Will there be more new names added to this roster soon? Or is Atlanta United standing pat?

Eales: “We’re probably looking at two to three more players, there will be some changes before we’re into the meat of the schedule.”

How long is this Gressel thing going to drag?

Eales: “It’s one of those things you get in the salary-cap environment. It’s complicated for us because we still have the CBA out there, because you don’t know what the salary cap is going to be. That’s something where you just need a bit of patience.”

Finally, before sliding into 2020, how exactly do we file away 2019? And is anything less than winning an MLS Cup OK, now that Atlanta has been soccer spoiled?

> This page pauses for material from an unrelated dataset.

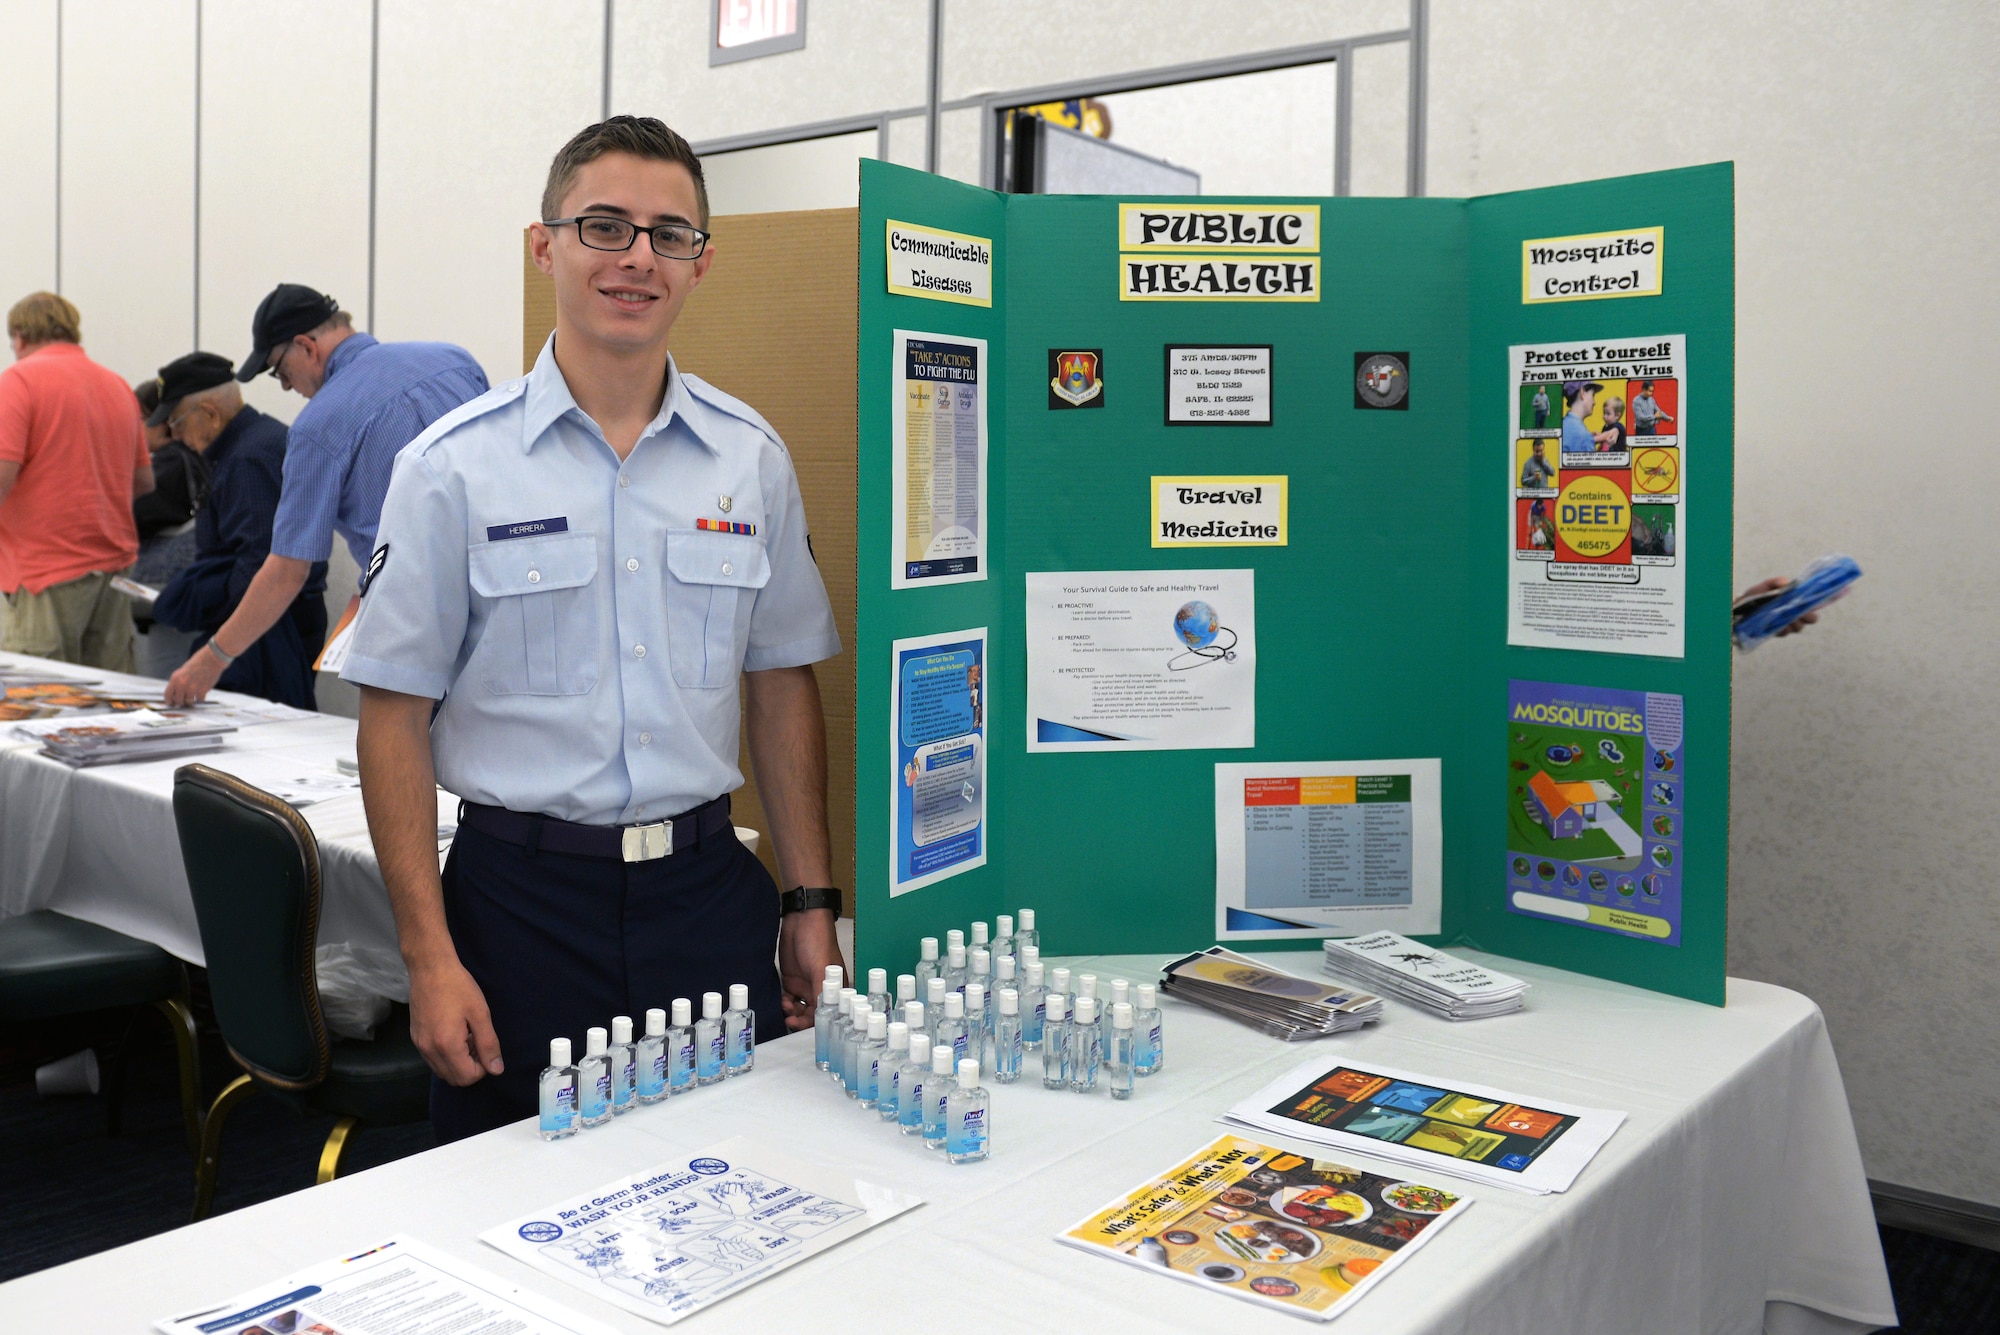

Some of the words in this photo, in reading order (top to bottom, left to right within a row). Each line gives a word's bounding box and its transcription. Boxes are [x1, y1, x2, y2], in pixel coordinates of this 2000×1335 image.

The ’19 club accumulated 12 fewer points in the standings and scored 11 fewer goals than the championship team of the year before. Atlanta United won ancillary competitions in the Campeones Cup and U.S. Open Cup, but failed to return to the MLS Cup final after getting knocked out 2-1 by Toronto.

Eales points out that the many stresses facing a defending MLS Cup champion, such as added games and the inevitable movement of players more attractive on the world marketplace. And he had this talking point all teed up: “The 58 points we got were the most for any defending champion since 2000.”

Eales: “(Last season) was a great success. We won two competitions, two trophies. We got three trophies in three years as a brand new club, which is pretty incredible starting as a young club and having those trophies already in the cabinet.

“We want to build off that. There is disappointment that we lost the game to Toronto. But that game was why we love the beautiful game of soccer. We play that game 20 times, we probably win it 19. They have to score two really good goals. You have to give them credit, they hung in there, and there were two wonderful goals scored by those players. That’s sometimes what happens in soccer, you can be the best team,  that doesn’t always mean you’re going to win a knock-out game. It wasn’t a case that we didn’t show up or we didn’t perform.

“It has made us hungrier to be more successful this season. I think our fans are hungry. It left them with the sense of excitement for a new season.”